What this task involves: In the copy, include no images. Reproduce the entries exactly.

(Collection entries)
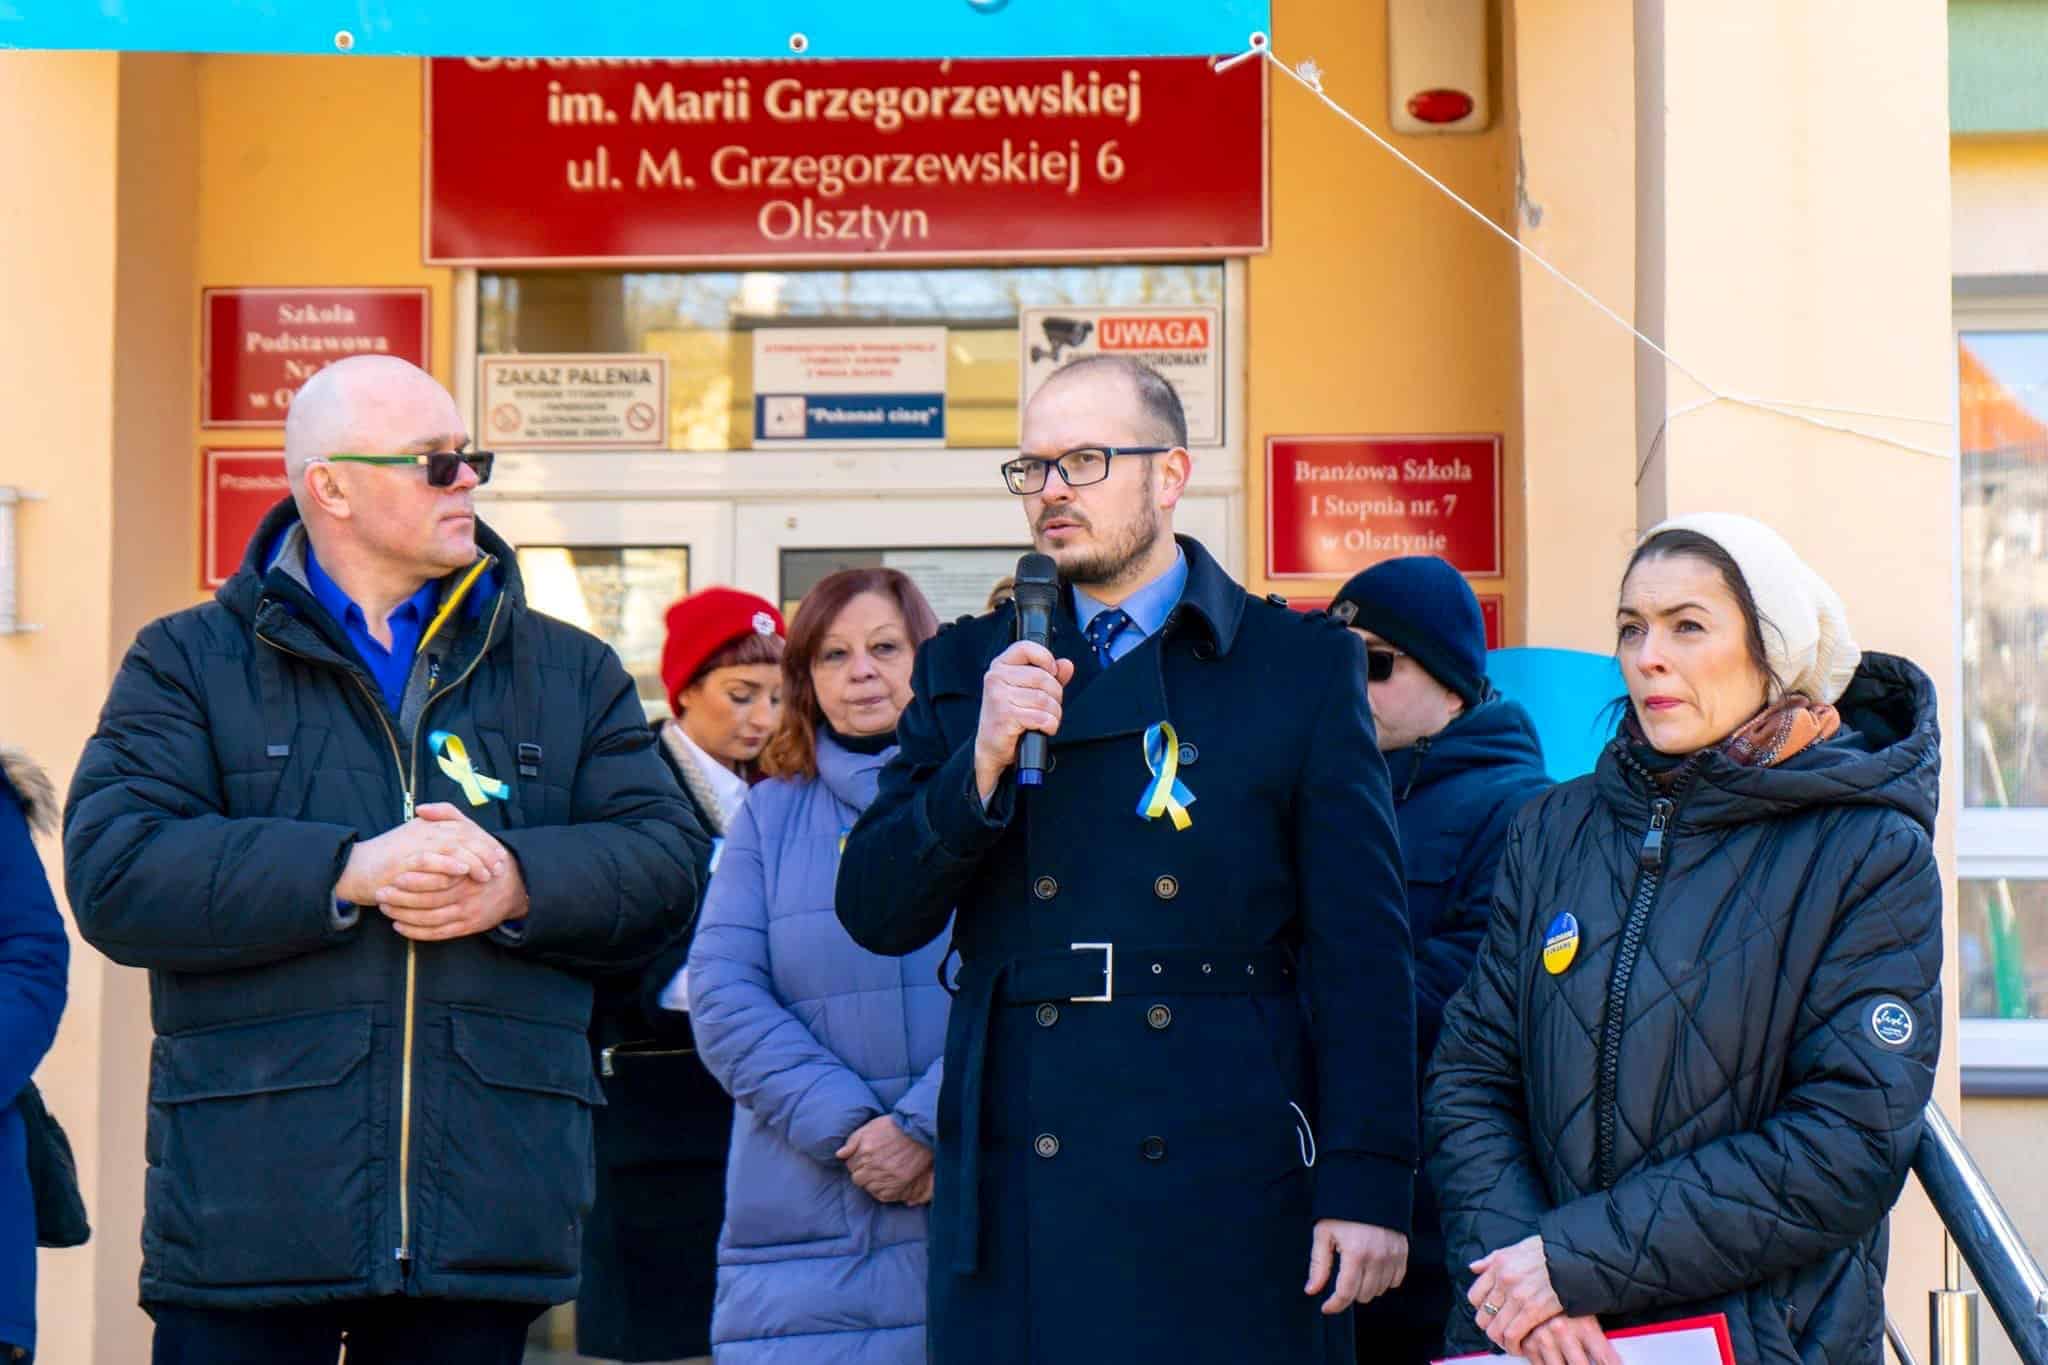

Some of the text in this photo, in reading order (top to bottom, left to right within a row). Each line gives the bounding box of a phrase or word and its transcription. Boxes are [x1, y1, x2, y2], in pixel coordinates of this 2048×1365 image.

[548, 69, 1141, 131] im. Marii Grzegorzewskiej
[566, 138, 1125, 197] ul. M. Grzegorzewskiej 6
[757, 197, 929, 251] Olsztyn
[246, 331, 389, 352] Podstawowa
[1103, 322, 1205, 345] UWAGA
[496, 367, 652, 385] ZAKAZ PALENIA
[1295, 459, 1473, 481] Branżowa Szkoła
[1324, 494, 1406, 522] Stopnia
[1411, 497, 1439, 516] nr.
[1442, 495, 1457, 516] 7
[1319, 529, 1447, 557] w Olsztynie

Output of the exercise:
Some of the text in this photo, in reading order (top to bottom, left to right within a row). Each line gives the bounding box of a phrase or word and its transcription. Boxes are [x1, y1, x2, y2], in pixel coordinates of this 2048×1365 image.

[548, 69, 1141, 131] im. Marii Grzegorzewskiej
[566, 138, 1125, 197] ul. M. Grzegorzewskiej 6
[757, 197, 929, 251] Olsztyn
[246, 331, 389, 352] Podstawowa
[1103, 322, 1205, 345] UWAGA
[496, 367, 652, 385] ZAKAZ PALENIA
[1295, 459, 1473, 481] Branżowa Szkoła
[1324, 494, 1406, 522] Stopnia
[1411, 497, 1439, 516] nr.
[1442, 495, 1457, 516] 7
[1319, 529, 1447, 557] w Olsztynie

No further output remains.